Barry, I have been accumulating at .20. I think Prism is once again poised to take a little run. PRN's Joint Venture partner in the Tonapah property had an interesting post regarding the prospects of these undervalue stocks:

To: don elving (7 )
From: Eastfield Resources Ltd.
Aug 12 1997 9:02PM EST
Reply #8 of 8

I like your thinking Don!

However there are some points that need to be considered.

Proven reserves are more like 200,000 ounces, not 350,000.(Check out the news
release dated December 2, 1996 on our web site). The potential to increase our
reserves at Tonopah does exist however.

There are various methods in which to value 200,000 ounces of gold in the ground.
You can attach a multiple to it. Some companies trade as high as 100 and as low as 10
times proven reserves. At a combined market cap of $4,000,000 we are trading at a
multiple of about 20, probably a bit on the low side.

Another method simply subtracts the cost to produce from the price of gold and
multiplies it by the number of ounces.

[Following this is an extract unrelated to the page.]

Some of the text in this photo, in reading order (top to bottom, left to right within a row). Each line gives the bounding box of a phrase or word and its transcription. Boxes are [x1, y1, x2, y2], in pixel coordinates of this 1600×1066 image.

At this level of reserves our cash cost to produce
will average about US$270/ounce (our cost to produce should decrease to around
US$225/ounce as we increase our proven reserves). That works out to (325-270) x
200,000 = US$11.0 million or CDN$15.0 million or almost 4 times the current market
cap. There are other variables that make this calculation overly simplistic but it is a
common method of valuation.

A more accurate value is probably obtained by performing a net present value (NPV)
calculation. This method incorporates many variables into the calculation, including
expected future prices of gold, capital costs, interest rates, operating costs and so on.
We have performed this calculation on our Tonopah project using various prices for
gold . At the present level of reserves the project becomes profitable at about the
US$350 per ounce level.

There are ways to improve the NPV picture. Firstly, this project is very sensitive to the
price of gold and becomes very profitable at higher gold prices. At $385 (the price of
gold when we first took on this project) the rate of return is about 28%. At
$400/ounce it's hugely profitable. Secondly, as tonnage increases so do revenues.
Costs will also decrease on a per ounce basis improving the overall profit picture.

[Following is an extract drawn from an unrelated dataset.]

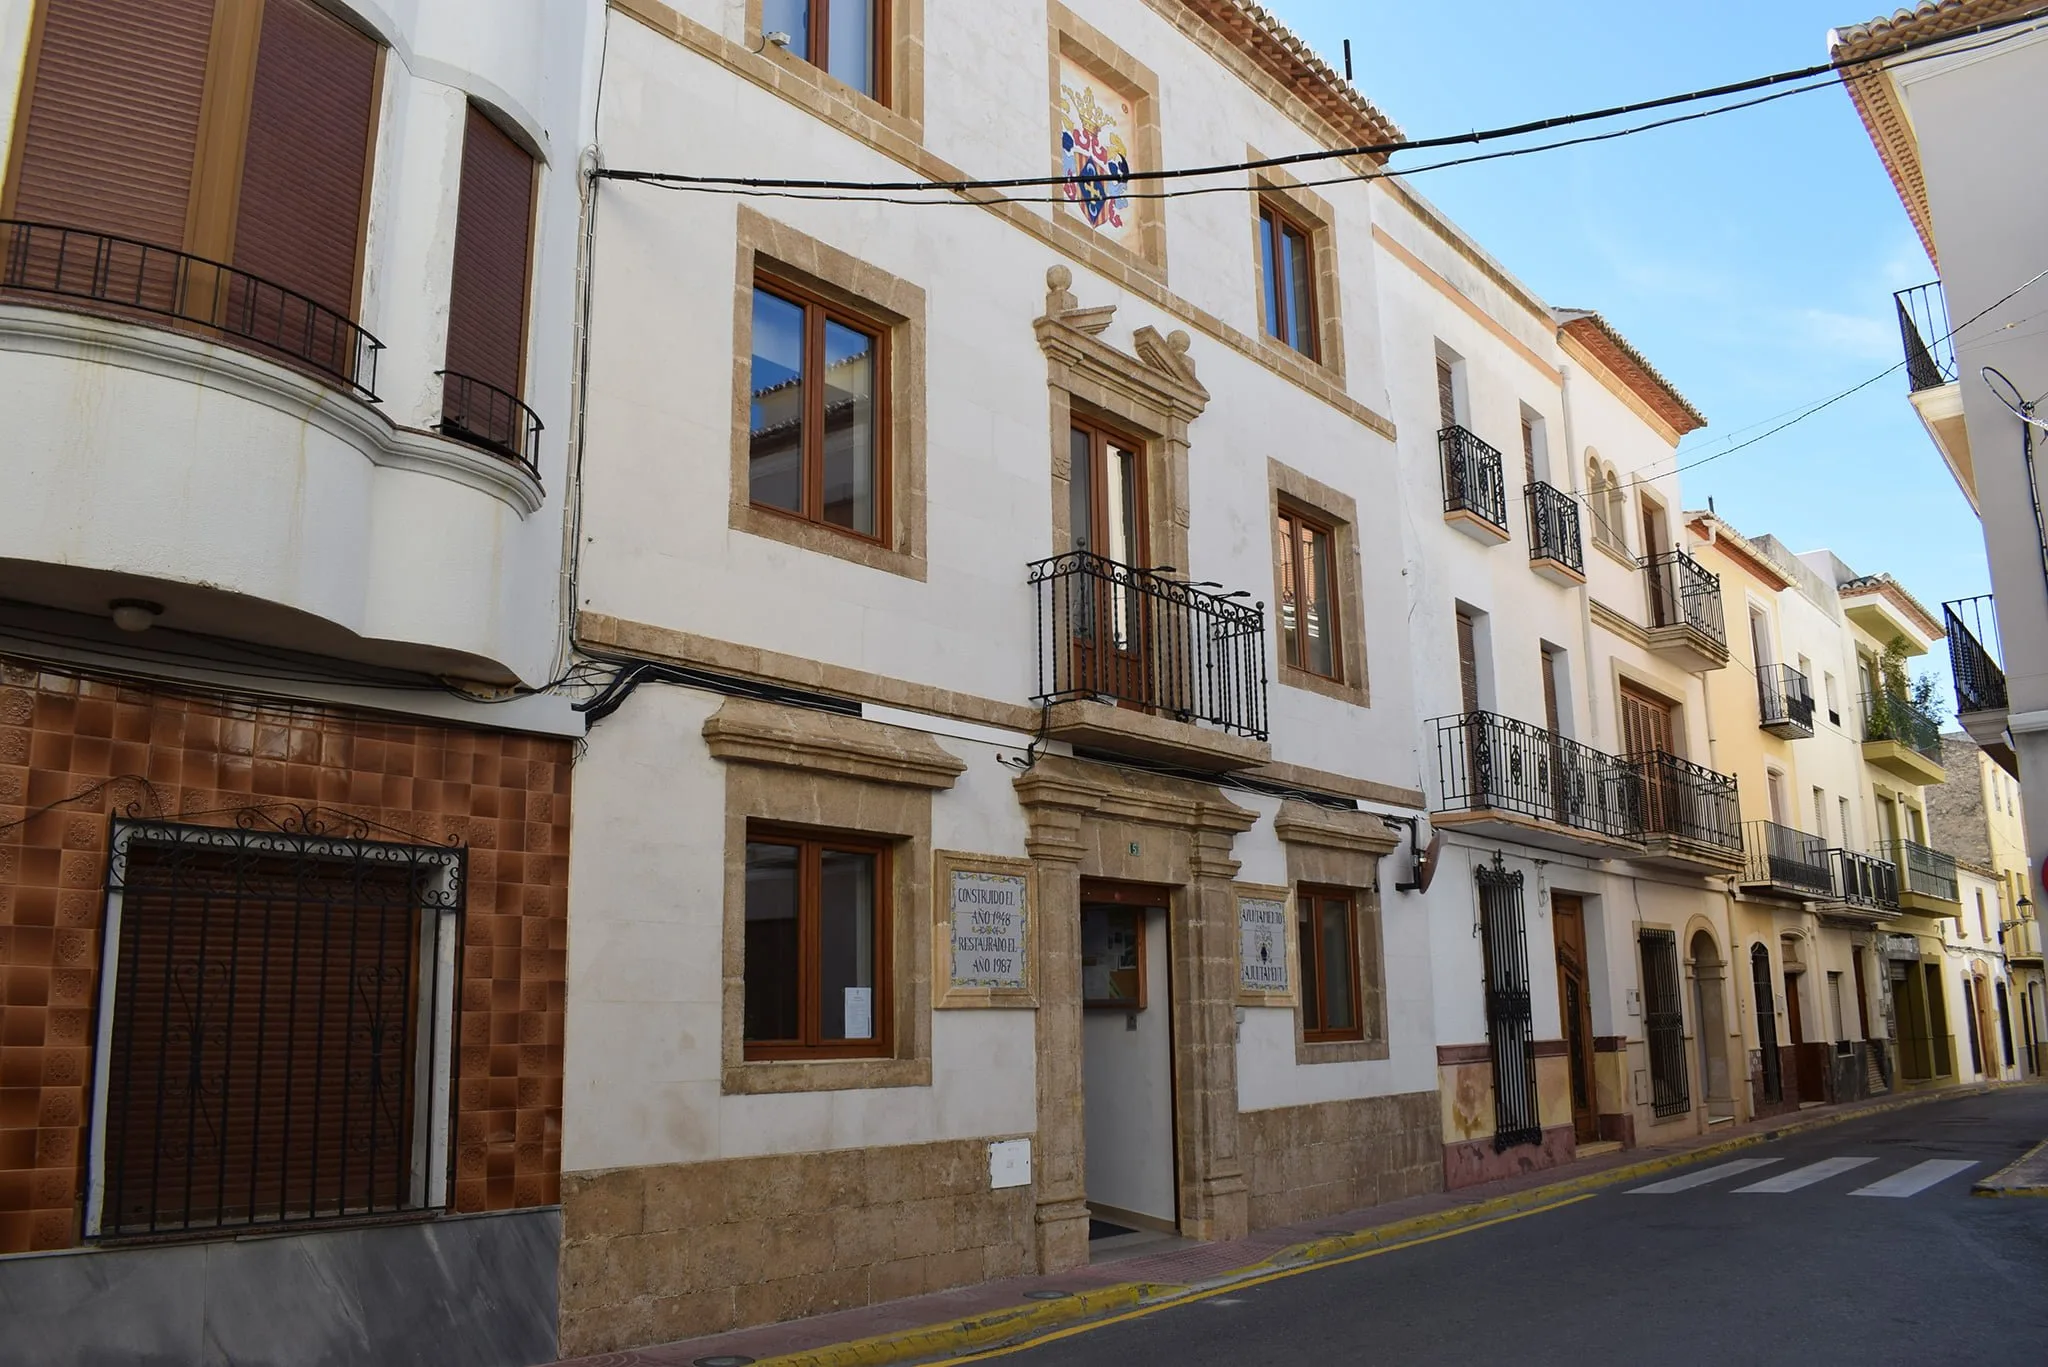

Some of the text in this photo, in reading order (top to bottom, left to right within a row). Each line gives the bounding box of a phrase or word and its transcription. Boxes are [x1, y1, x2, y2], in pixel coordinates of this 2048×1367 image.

What are we doing to improve this picture. Well there's nothing we can about the price
of gold but we are continuing to work at increasing our reserves. This will be achieved
through additional exploration (watch for soon to be released news on this summers
program) and acquisitions.

Now to answer the question," are we undervalued?". Yes I think we are. The first and
second methods tell you we are grossly undervalued. These methods are commonly
used when valuing public mining companies. The NPV calculation is often used to
value specific projects or private companies. It is a conservative method and generally
generates a value for public companies far less than their market cap. However, if you
believe in increasing gold values and our ability to find more gold, it too indicates we
are grossly undervalued.

Why we are trading at $0.20 is question I could answer for you another time, if you so
request.

Cheers!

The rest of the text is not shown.